>>>>

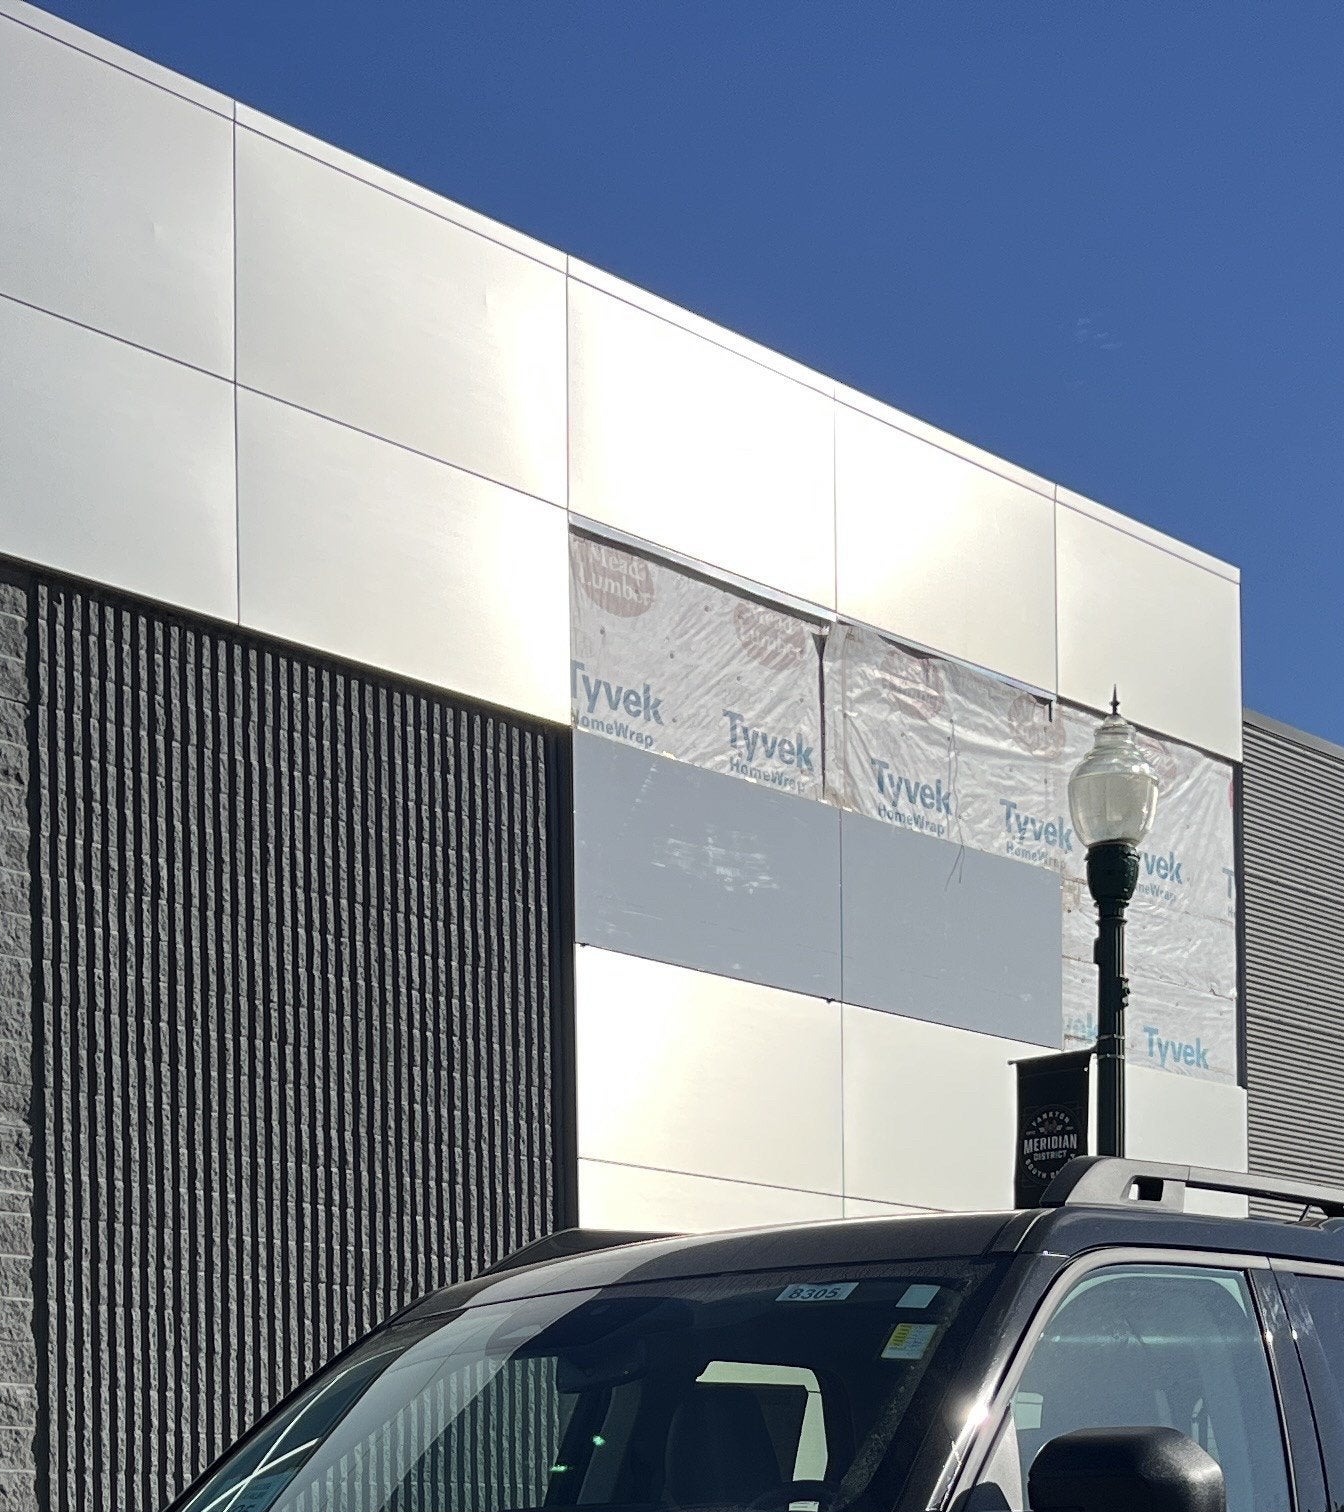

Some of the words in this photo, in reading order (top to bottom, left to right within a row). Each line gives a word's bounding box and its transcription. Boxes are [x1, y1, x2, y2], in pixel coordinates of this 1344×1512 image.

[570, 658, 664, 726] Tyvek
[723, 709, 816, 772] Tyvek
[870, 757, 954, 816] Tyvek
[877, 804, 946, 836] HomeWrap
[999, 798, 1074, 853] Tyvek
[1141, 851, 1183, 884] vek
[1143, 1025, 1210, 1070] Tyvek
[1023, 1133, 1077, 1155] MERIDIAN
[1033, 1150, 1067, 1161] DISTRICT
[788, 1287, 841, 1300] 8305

<<<<

• [Task to complete]: Leave the images aside and transcribe all entries exactly.

• [Written reply]:
Some of the words in this photo, in reading order (top to bottom, left to right within a row). Each line gives a word's bounding box and its transcription. Boxes are [x1, y1, x2, y2], in pixel coordinates of this 1344×1512 image.

[570, 658, 664, 726] Tyvek
[723, 709, 816, 772] Tyvek
[870, 757, 954, 816] Tyvek
[877, 804, 946, 836] HomeWrap
[999, 798, 1074, 853] Tyvek
[1141, 851, 1183, 884] vek
[1143, 1025, 1210, 1070] Tyvek
[1023, 1133, 1077, 1155] MERIDIAN
[1033, 1150, 1067, 1161] DISTRICT
[788, 1287, 841, 1300] 8305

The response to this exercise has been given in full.